It feels a little strange to hear Patti Smith, poet laureate of punk rock, expounding on her love of the Sunday evening Inspector Morse spinoff Endeavour between songs, but here we are. Confined to her hotel room on Friday night by a heavy Brighton sea mist, she says – “I couldn’t see shit” – her evening was enlivened by watching an episode of the period detective drama on ITV3. Over on her Instagram page, she’s even been ruminating on the philosophical qualities of the show’s dialogue.
This is not necessarily what one might expect from someone regularly held up as the living embodiment of a certain fearsome rock and roll cool – a woman who recovered from slipping over on stage at Glastonbury by snarling “I fell on my fuckin’ ass … because I am a fuckin’ animal” – but tonight at least, Patti Smith cuts an unexpectedly goofy figure onstage.
She fluffs lyrics, stops one song, argues with her backing band about how to end another, chucklingly announces that she’s treating the gig as merely a rehearsal for her appearance at a London festival the following day and demands the house lights be turned up “in case there’s a potential boyfriend” in the audience.
Indeed, Smith is so charismatic and likable that she can pretty much get away with anything, up to and including departing the stage midway through the set “to go to the bathroom”, her backing band busking through a medley of Velvet Underground songs in her absence.
At the conclusion of Ghost Dance, she tells the audience to raise their arms and “shake out the ghosts” and the venue is suddenly filled with hands dutifully flapping above heads. She plays a cover of Midnight Oil’s late-80s stadium rocker Beds Are Burning, which isn’t much improved by Smith appending some ecologically themed incanting – “Man in his infinite lack of wisdom sent his toxins into the sea!” she bellows – and a plodding version of John Lennon’s Mind Games, which features Smith reading the lyrics off a sheet of paper and concludes with the singer’s own appraisal of Lennon’s lasting message: “He wanted you to make love! Not war! Not war!”
Smith has long had a thing for unlikely cover versions – in the mid-90s she was wont to favour audiences with a version of Deep Purple’s Smoke on the Water, while among the selections on her 2012 album Twelve was her interpretation of Tears for Fears’ Everybody Wants to Rule the World – but it’s hard not to think she’s got far better songs of her own tucked away in her back catalogue than either of these.
Her own music ranges from chaotic – Because the Night sounds oddly rickety – to transcendent: Dancing Barefoot benefits from having its studio gloss stripped away, a version of Pissing in the River has a glowering power.

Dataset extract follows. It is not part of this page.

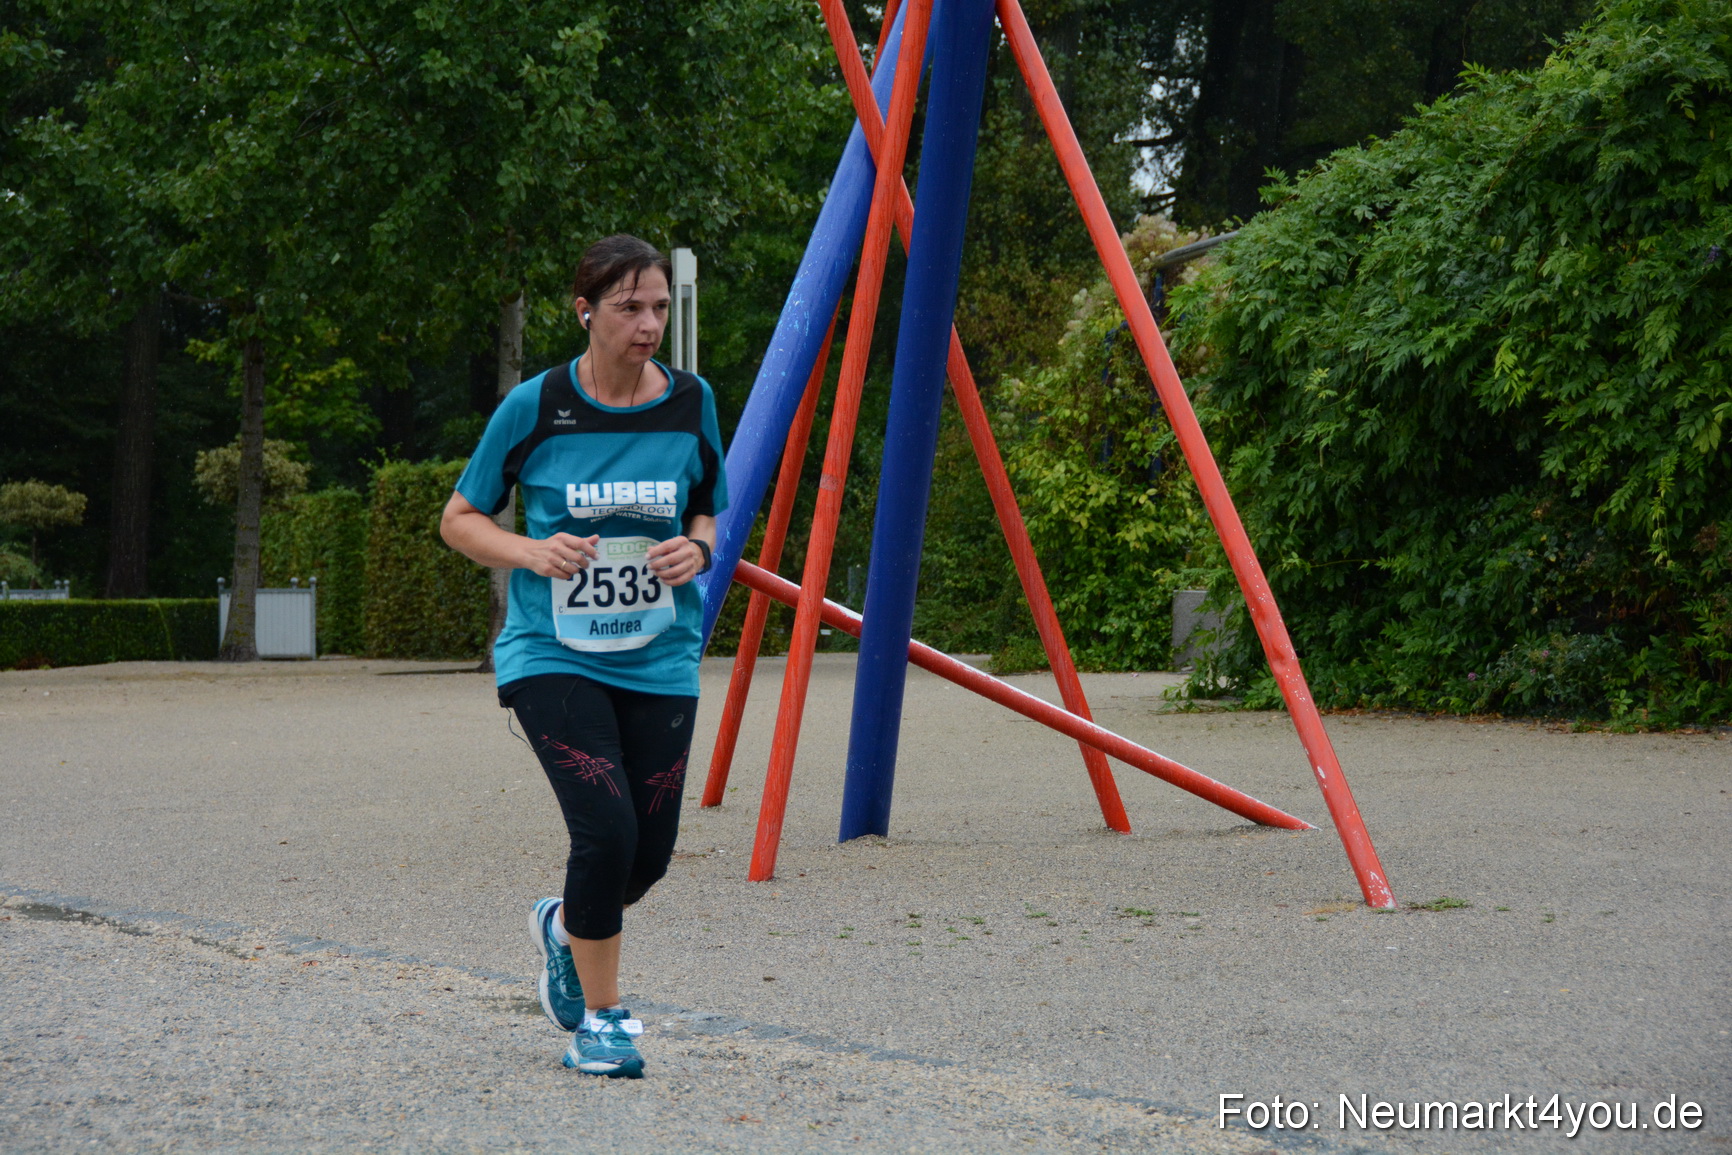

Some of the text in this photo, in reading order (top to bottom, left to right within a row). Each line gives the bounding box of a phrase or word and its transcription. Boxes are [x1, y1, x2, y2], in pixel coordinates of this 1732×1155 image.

[566, 481, 678, 507] HUBER
[615, 511, 641, 519] WATER
[567, 565, 662, 608] 2533
[589, 618, 642, 635] Andrea

Listening to her attack Gloria with a ferocity that makes it feel like something she came up with yesterday, rather than 43 years ago, you’re struck by the fact that her voice has proved apparently immune to the ravages of time: she sounds exactly the same at 71 as she did in 1975.
It ends with a ragged attack on People Have the Power, prefaced by a sly apology from Smith herself. “I made a lot of mistakes tonight. I always fuck up in Brighton,” she shrugs. “Everywhere else I’m perfect.” And then she heads off, perhaps to see what’s on ITV3.